After a few years of furious online shooter matches, Ive recently come to find out that Im an addict. I always knew I liked spending time pwning noobs, but never really could see just how screwed up I was until I was informed by the American Medical Association that i was about to be catagorized as an addict, with full on addict priveleges.I am? HOORAY! In time, I will be able to use a whole new crutch to limp down the back alleys of life with, and I gotta say, I cant wait!
If things go as planned, the American Psychiatric Assosiation will have posted video game addiction in its prestigious Diagnostic and Statistical Manual of Mental Disorders in its next printing in 2012. At that point Ill be up all night gaming my powerful yet agile thumbs off, and using my dashing middle finger to tell my boss that I was late for work the next day because of my serious medical condition. When he decides that my amazing gaming skills are interfering with my work, and that he's got to fire me, Ill take my my incredible kill/death ratio straight to my lawyer (whose win/loss ration is almost as impressive as mine).

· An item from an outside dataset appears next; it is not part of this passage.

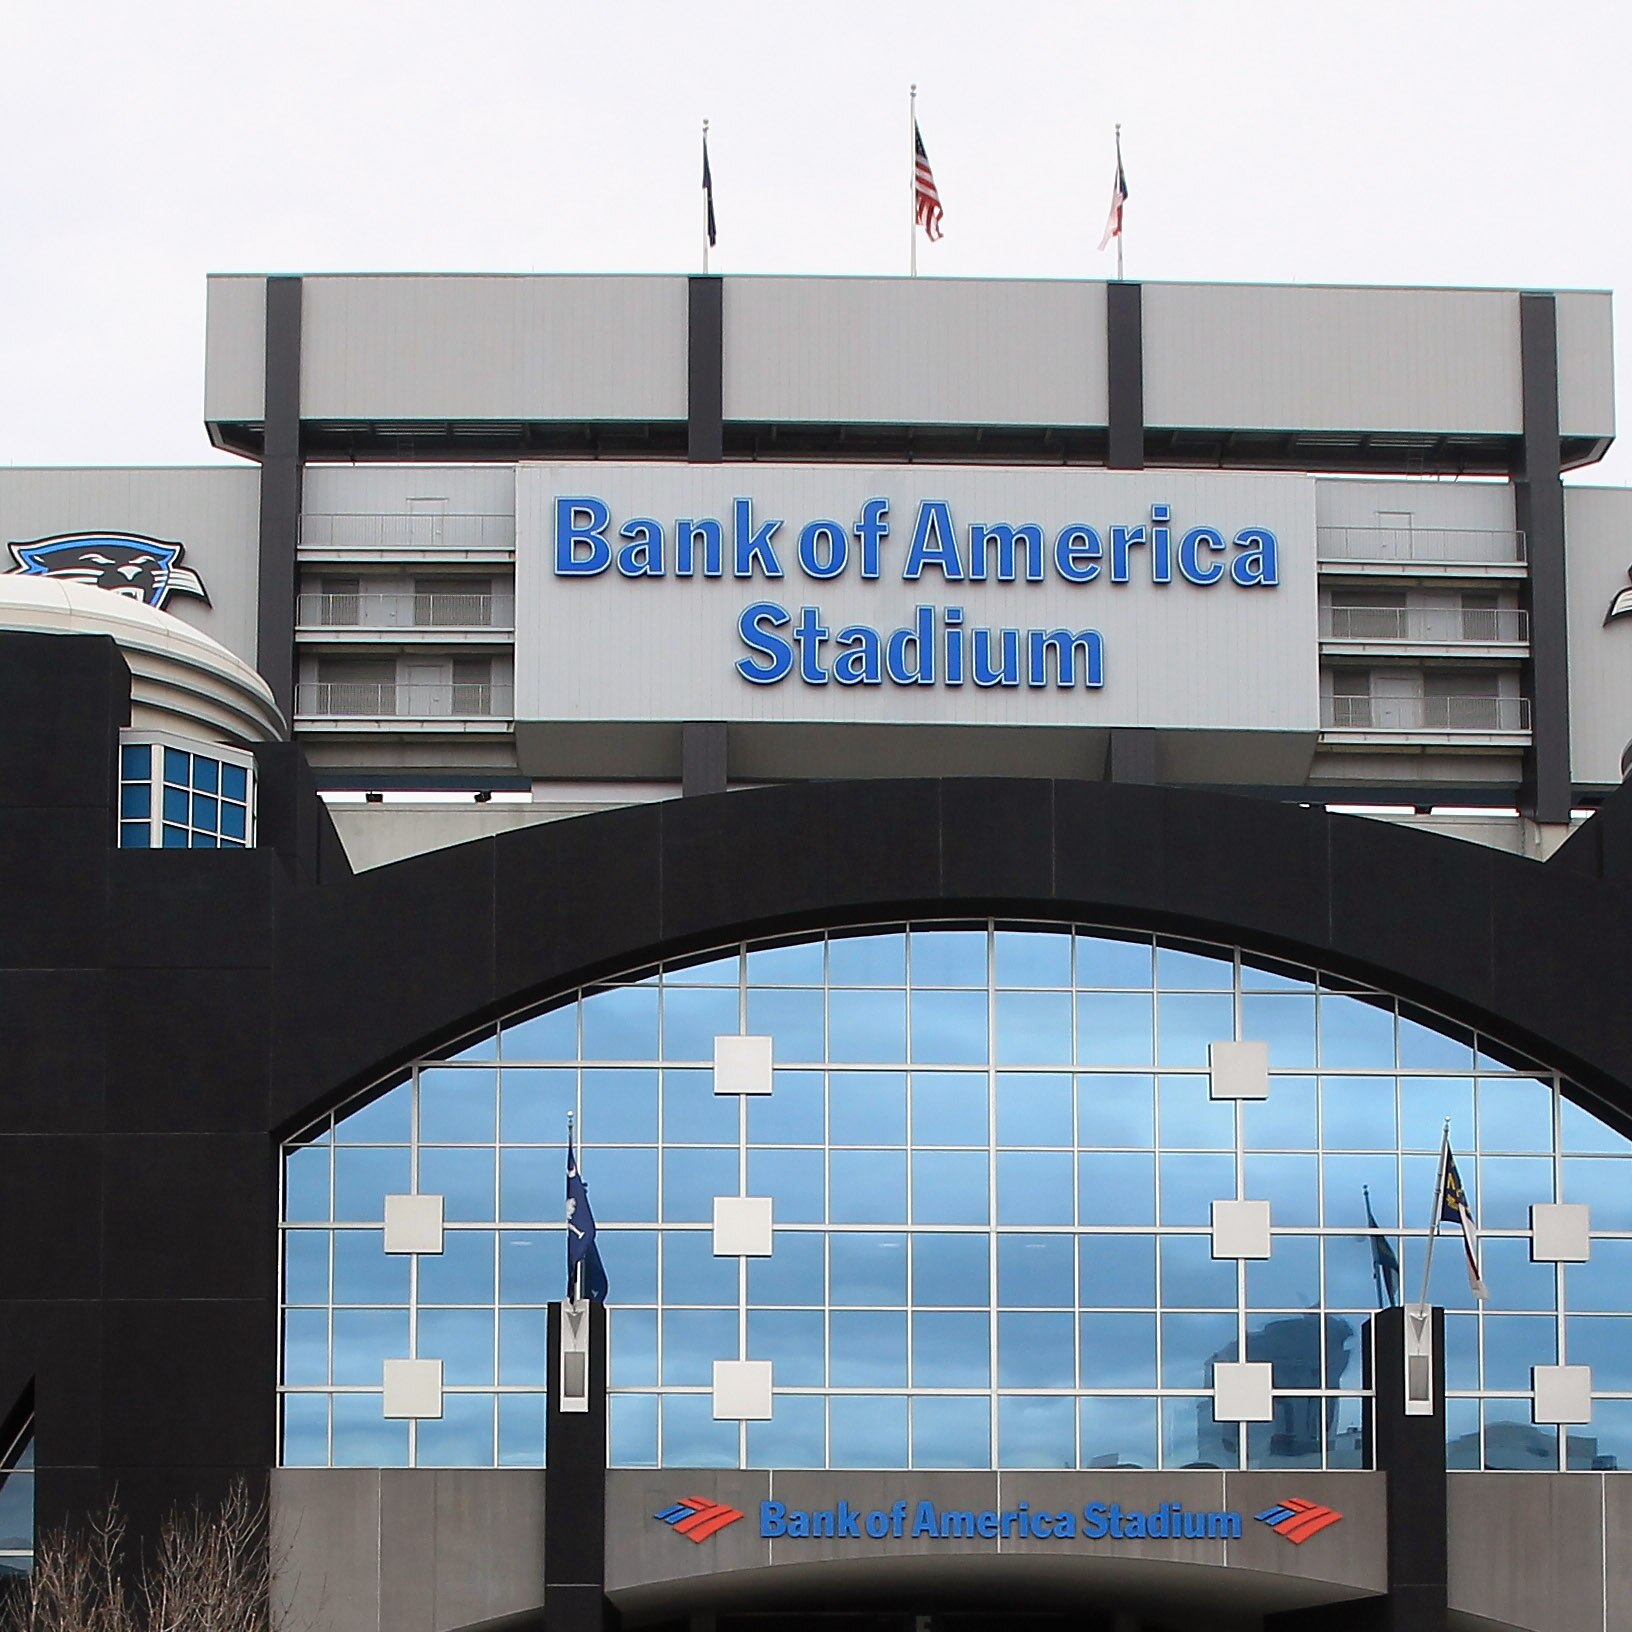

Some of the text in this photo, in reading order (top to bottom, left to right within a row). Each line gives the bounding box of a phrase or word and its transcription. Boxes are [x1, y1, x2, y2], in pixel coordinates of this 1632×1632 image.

[554, 496, 1280, 587] Bank of America
[735, 600, 1105, 688] Stadium
[760, 1501, 1243, 1540] Bank of America Stadium

Ill spend a few months in gaming rehab, and my newly aquired lawsuit winnings on a killer Mater Chief replica helmet, and a resonably priced small sedan (little Civic action for yours truly). Hell, I might even spend the rest of my life on disability eating frozen pizza, and talking to my mother on the phone every few days!
Man, things are really looking up for the Tampwner. All those hours spent on Timesplitters: Future Perfect were just the beginning of a long, lucrative, journey through the realm of mental disorders. Now, if i could convince the courts that my Wii-mote gave me hand cancer, id be set for life.